Often, animals are kept together in inappropriate groups - for
example territorial lions and tigers share the same cages. Zebras
and llamas, will form groups or herds in the wild, but will often
be solitary, or just in pairs in the circus. Again, they tend to
be penned or tethered, rather than given exercise enclosures.
Training
Training is very secretive; animals undergo training behind closed
doors. There have been cases where brutal training methods have
come to light. The most recent, and perhaps most notorious, was
that of Mary Chipperfield.
The nature of training circus animals is revealed by the tools
of the trade. Whips are seen in the ring but the use of screws hidden
in the base of walking sticks, spikes concealed in tasselled sticks
and hotshots or electric shock devices has been documented.

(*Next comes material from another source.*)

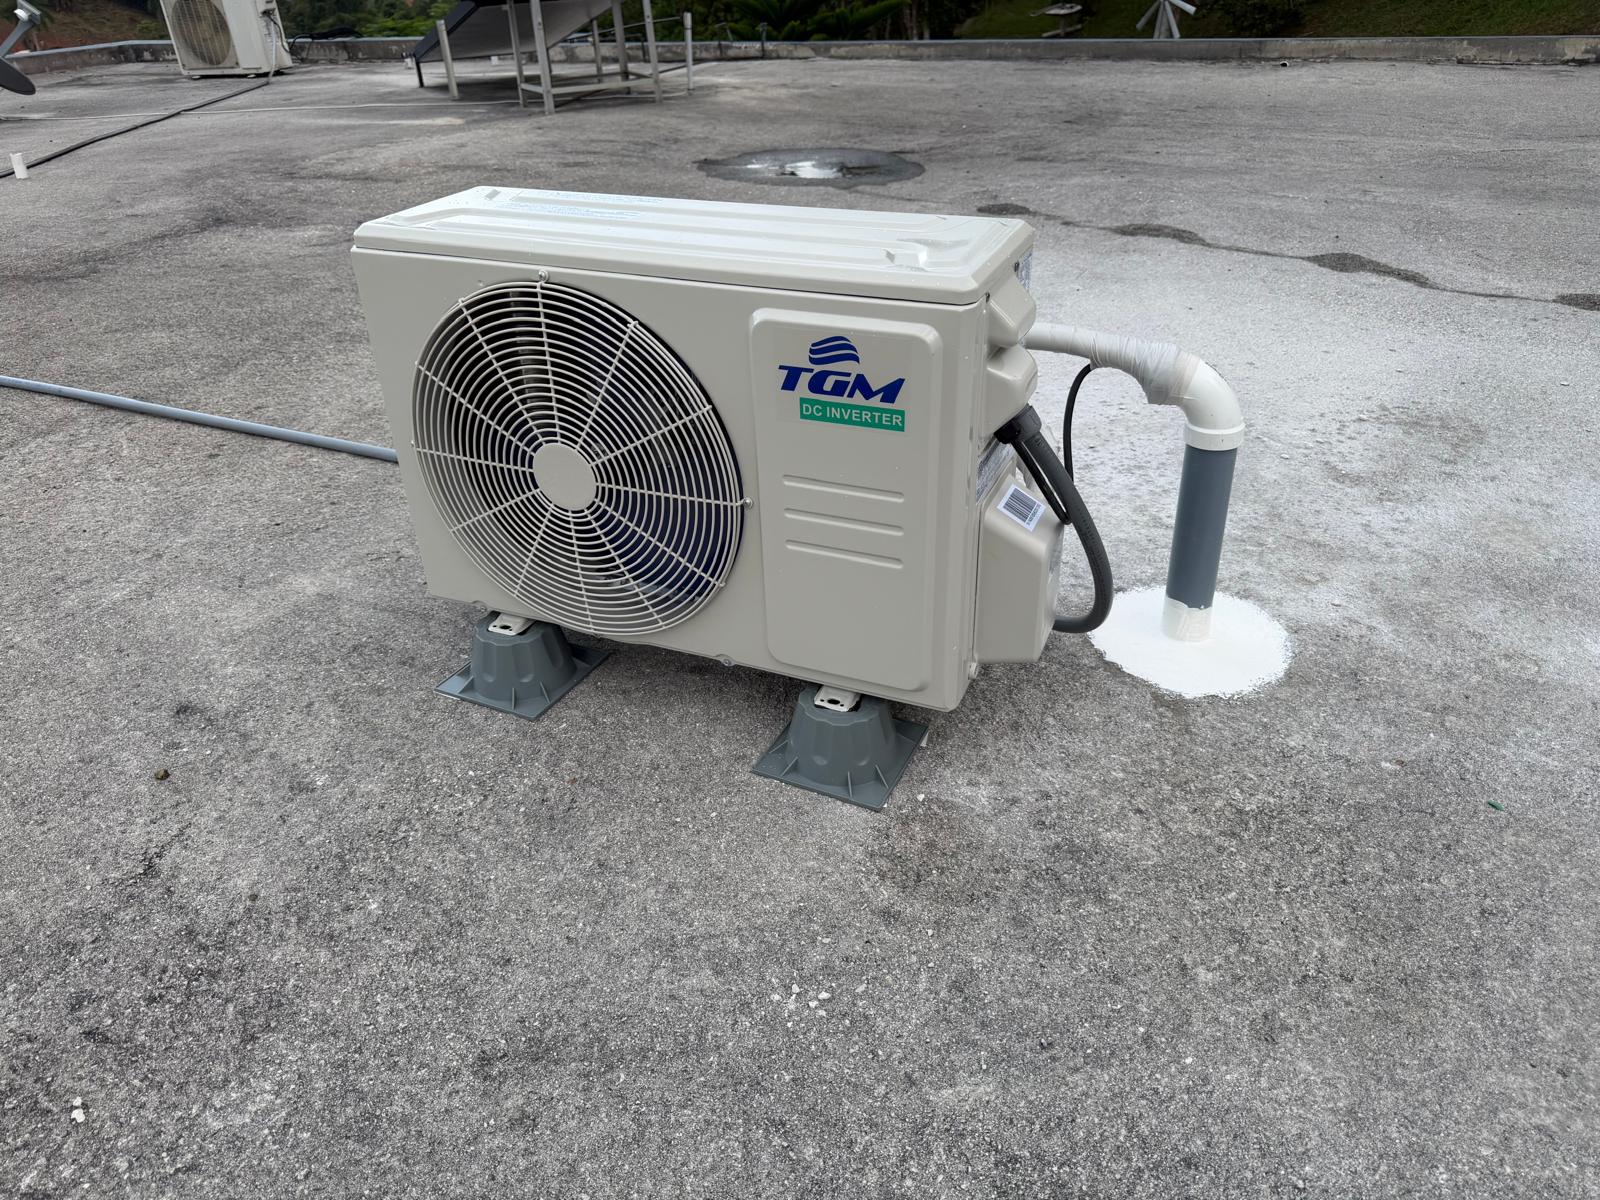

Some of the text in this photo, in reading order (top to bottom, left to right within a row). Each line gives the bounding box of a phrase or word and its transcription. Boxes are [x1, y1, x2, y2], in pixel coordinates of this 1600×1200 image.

Some ex animal trainers or keepers have spoken out, to expose the
cruel methods used to break and train circus animals. In the book
'Elephant Tramp' by George Lewis the story of a training routine
for Sadie the elephant is told.
'Sadie just could not grasp what we were trying to show her.
In frustration she attempted to run out of the ring. We brought
her back and began to punish her for being so stupid. We stopped
suddenly, and looked at each other, unable to speak. Sadie was
crying like a human being. She lay there on her side, the tears
streaming down her face and sobs racking her huge body'.
Another ex circus employee related how a little brown bear was
treated.
'She was a sweet little innocent brown bear who never hurt anyone...
but sometimes she had trouble balancing on the high wire. She
was then beaten with long metal rods until she was screaming and
bloody. She became so neurotic that she would beat her head against
her small cage. She finally died'
Domestic animals undergo the same questionable training methods
and perform unnatural acts. Horses are trained to walk backwards
on their hind legs with tight reins forcing the neck into a supposedly
attractive, artificial position.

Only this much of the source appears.